This blog is for everyone who uses words.

The ordinary-sized words are for everyone, but the big ones are especially for children.



Thursday, 7 November 2013

word lovers: a rant


John Simpson, editor of the Oxford English Dictionary, is retiring.
He's taken advantage the occasion to let off a bit of steam.

'There is so much waffle and woolly-mindedness,' he says in an interview in The Telegraph. 'Our job is to analyse data, not to love words.'

Well, if there's anyone who knows about the editor of the OED's job it's John Simpson, so I can't argue with that.

But the interview also says that 'In common with most lexicographers, he has an innate distrust of people who claim to "love words" '.

I don't know if that's a fair representation of John Simpson's opinion. I hope not, because I love words.

Is it really a sign of untrustworthiness to take pleasure in the sound of the word ruffian?

Is it wrong to be cheered by the bounce of boing, or to cherish the pernickety precision of penultimate?

May I not have an affection for lush, wombat, sizzle, schloss, acciaccatura, bouteille and tingo?

Ah well. Away with respectability! I am going to love them anyway.

So there.

Word To Use Today: one you love.

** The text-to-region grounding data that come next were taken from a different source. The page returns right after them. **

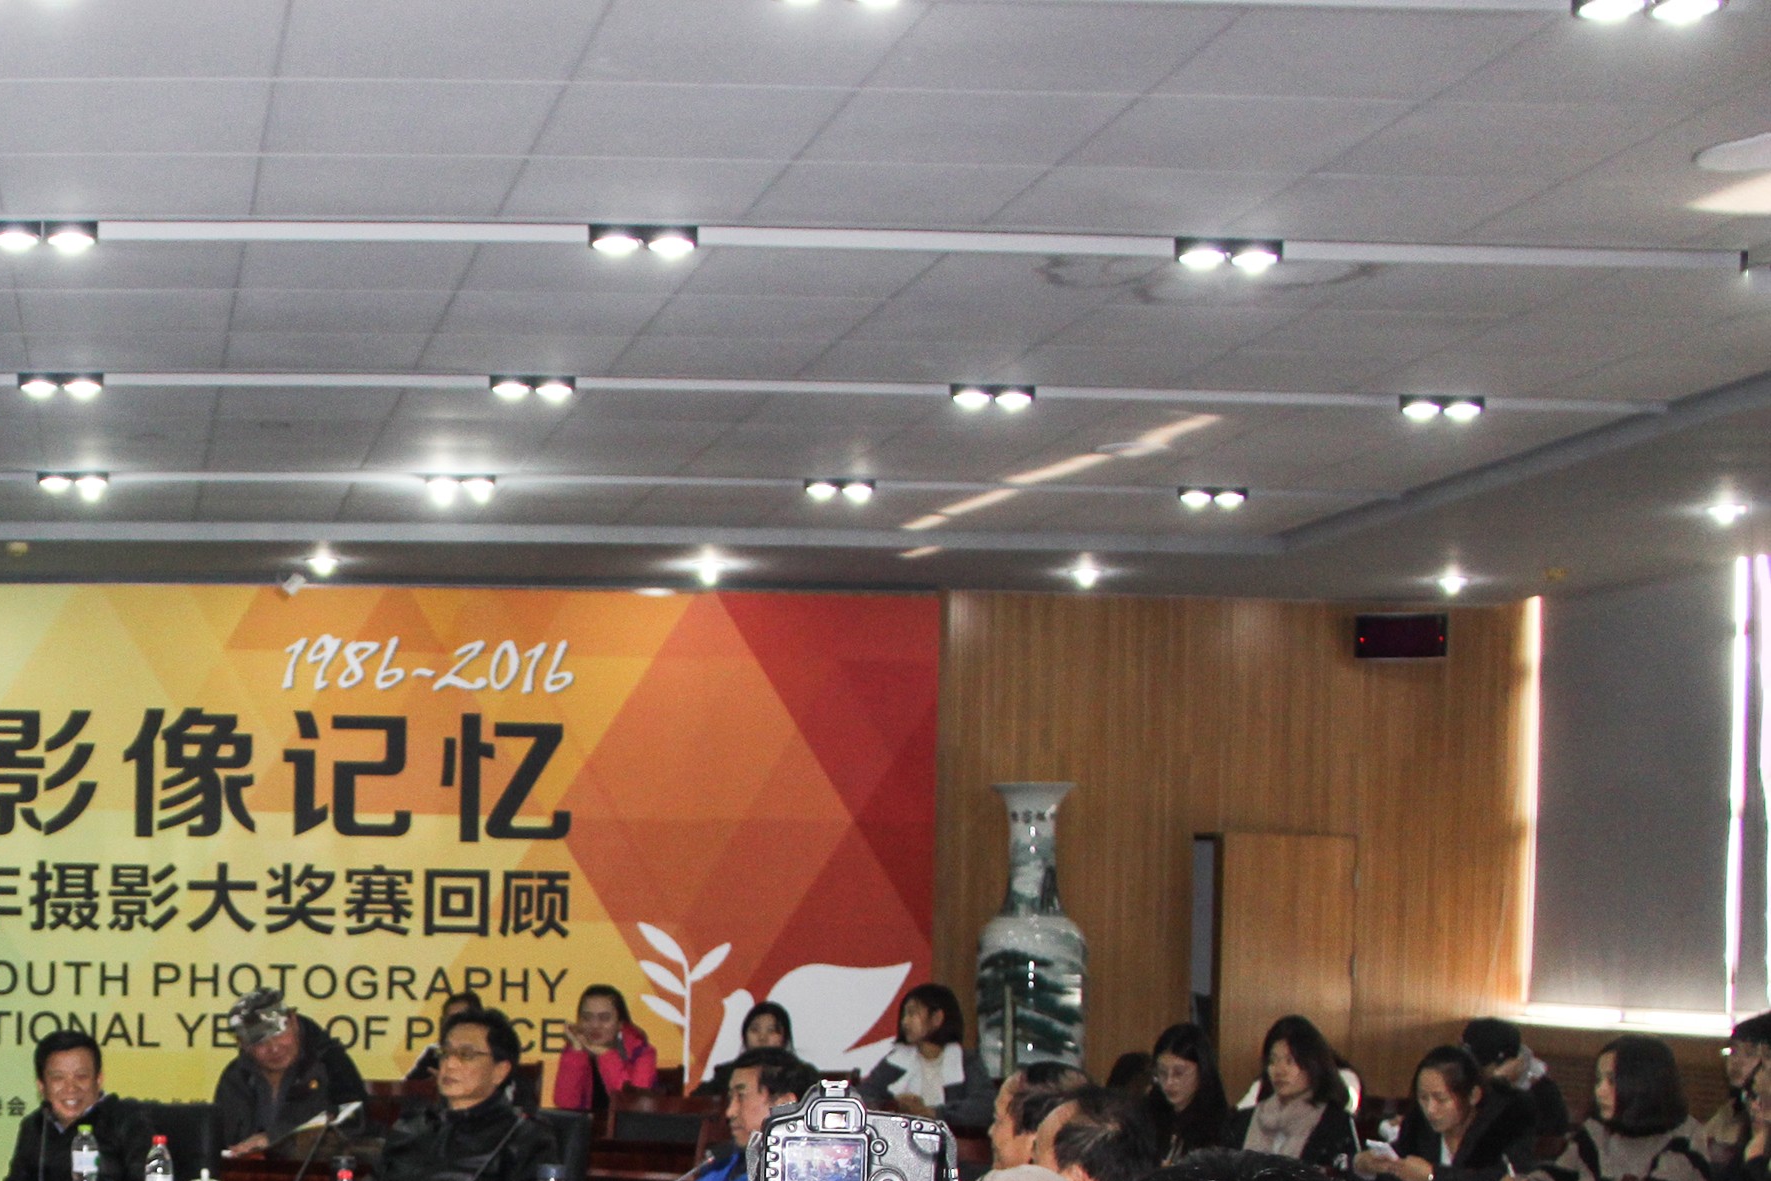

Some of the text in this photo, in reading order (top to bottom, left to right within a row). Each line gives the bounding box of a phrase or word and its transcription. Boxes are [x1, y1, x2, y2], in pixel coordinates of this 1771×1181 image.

[281, 634, 574, 694] 1986-2016
[153, 962, 569, 1002] PHOTOGRAPHY
[176, 1013, 237, 1047] YE
[328, 1015, 389, 1050] OF
[406, 1016, 565, 1052] PCE

Go on, be a bit of a rogue...

7 comments:

  1. But, but, but..... if you work with words every day, surely a love of them would make your work shine through?
    Imagine a poet or author who doesn't love words?
    Oh, I can't even go there! Shudder, shudder.

    I choose my word for today to be philomniverbarious - loving using all sorts of words.
    Yep, I made it up, but it works for me right now!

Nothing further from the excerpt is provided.